Reflexões sobre o luto

O que é que eu faço com esta dor?

“Sei que no desempenho das minhas funções, tenho de dar prioridade às solicitações dos meus clientes. Tenho, neste momento, algumas clientes que me procuram apenas para desabafar, para falar do seu luto e dos seus problemas pessoais e familiares.
Às vezes, não sei como consigo ir para casa e ‘pôr de parte’ todas as emoções que sinto. O que é que eu faço com isto (com as emoções)?
Tenho uma cliente que me é particularmente difícil, pois trata-se de uma mãe que perdeu a filha (...) Eu também sou mãe e não consigo imaginar ficar sem a minha filha. Mas no momento em que estou com essa cliente, sei que sou importante para ela e para o que ela precisa: ter alguém que a compreenda, que a ouça, que a proteja.”
(Profissional do setor funerário, sobre a relação de apoio a pessoas em luto)

No desempenho das suas funções dentro do setor funerário, salienta-se a relação com as pessoas em luto. Dentro desta relação que os profissionais mantêm com as pessoas em luto, está a necessidade de ouvir a(s) sua(s) história(s) de vida, os seus dilemas e as suas conquistas. Isto pode evidenciar um esforço hercúleo por parte dos profissionais, que podem sentir-se vulneráveis perante a dor alheia. Sobretudo, questionam-se se ouvir será suficiente e o que devem fazer com aquilo que ouvem, do ponto de vista pessoal. Elas não matam, mas moem.
É comum ouvirmos alguns profissionais dizerem: “Com o passar do tempo, fiquei mais frio”. Isto evidencia a necessidade dos profissionais que trabalham sobre a relação de apoio ao luto de encontrarem estratégias de adaptação e proteção das suas próprias emoções. Racionalizar e inteletualizar são dois dos mecanismos de proteção mais comuns. Mas, por vezes, são mecanismos que não ajudam ao contacto e expressão das suas próprias emoções, o que se pode consubstanciar num desgaste físico e, evidentemente, emocional.

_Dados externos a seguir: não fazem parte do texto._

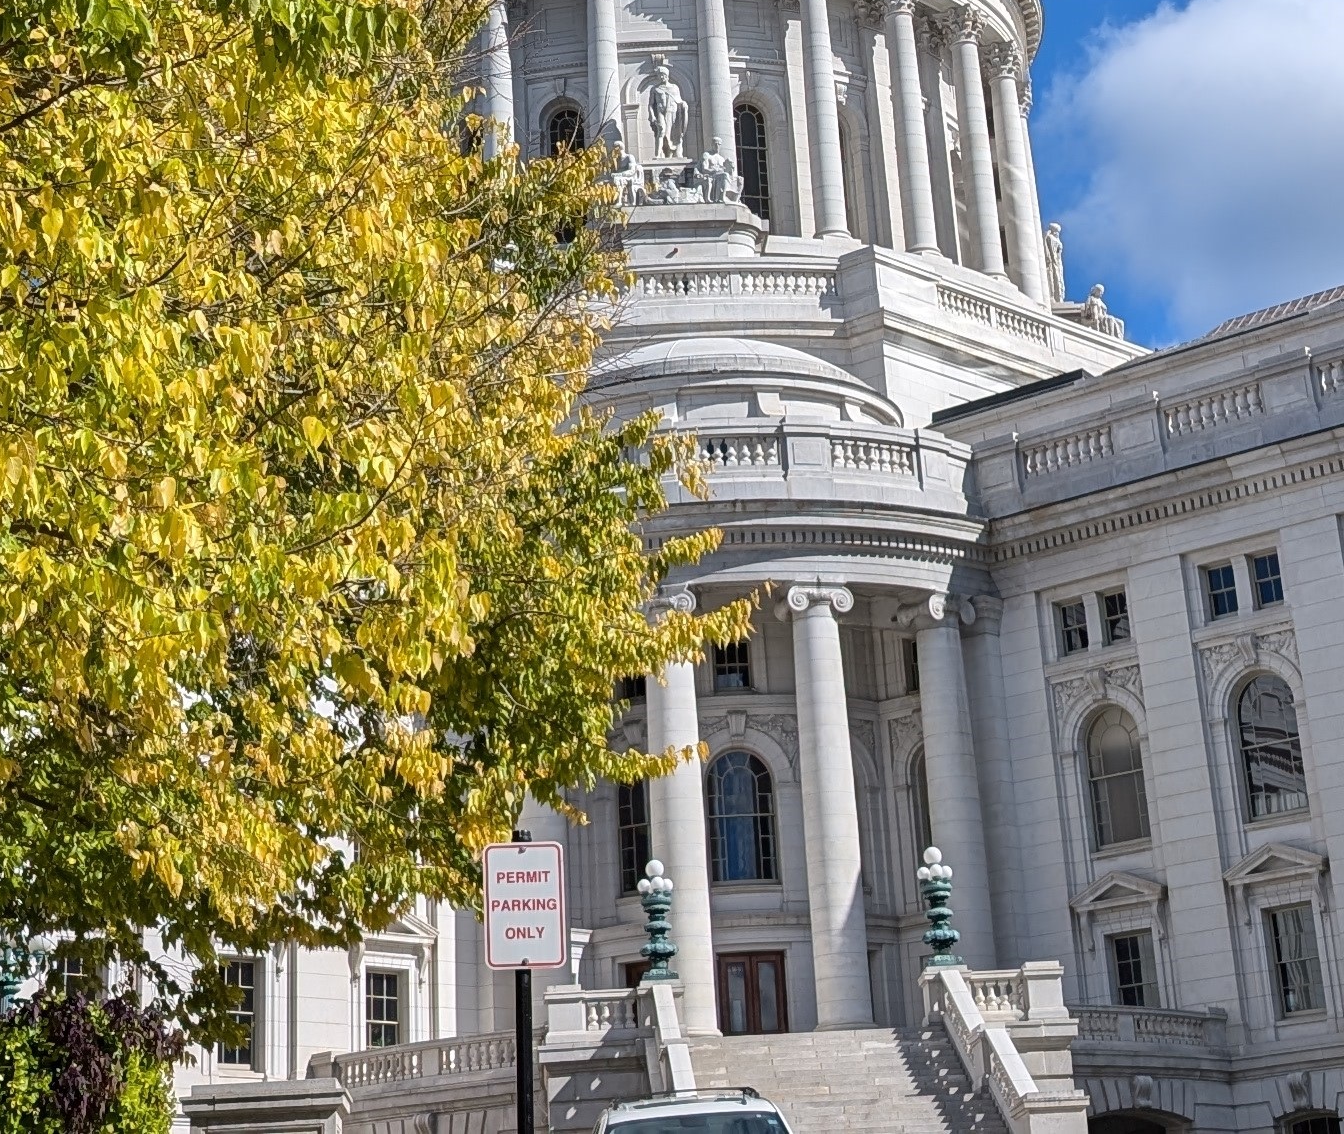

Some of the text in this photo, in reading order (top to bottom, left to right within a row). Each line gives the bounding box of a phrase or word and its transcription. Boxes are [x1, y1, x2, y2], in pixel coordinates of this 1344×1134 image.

[496, 871, 551, 884] PERMIT
[491, 898, 557, 911] PARKING
[505, 926, 545, 939] ONLY

O profissional que lida com pessoas em luto tem, também, necessidades que precisam de ser respondidas, a fim de garantir a sua saúde mental e o equilíbrio necessário, para não projetar nos clientes a sensação de que não estão conetados com a sua história ou que não conseguem criar empatia suficiente para manter uma relação de confiança relativamente segura e humana.
Nas ações de formação que costumo ministrar, há sempre espaço para ouvir as inquietudes destes profissionais e, sobretudo, para evidenciar e validar as estratégias pelas quais estes colocam as suas necessidades relacionais. Entre elas, evidencio as seguintes:

  • Apoio entre pares – o profissional aprende a adotar estratégias na relação com outros profissionais, a partilhar os seus medos, o que contribui para o sucesso da equipa em que se insere;
  • Coping familiar – o profissional sente que tem o seu porto seguro quando chega a casa e encontra a família que lhe promove a sensação de pertença e integridade necessárias ao reinvestimento na vida;
  • Formação profissional – o profissional encontra na formação profissional uma maneira de incrementar as suas competências e de adquirir ferramentas e estratégias, assim como de encontrar um espaço para validar o que tem de melhor em si próprio;
  • Serviços de psicologia clínica/psicoterapia – o profissional precisa de tomar contacto consigo de uma forma integrada, e a psicologia clínica/psicoterapia oferecem um meio para a prevenção e promoção da saúde mental.

 

A profissional do testemunho que inseri no início desta reflexão apresentou-nos a sua estratégia pessoal:

“É na minha filha que encontro grande parte do apoio de que necessito, sobretudo nos dias em que lido com a dor alheia. Chegar a casa e ela perceber se estou bem ou se preciso de um miminho. Como sabe bem não precisar de dizer nada e de ter esta reciprocidade. Afinal, uma mãe também pode ser cuidada pela filha!”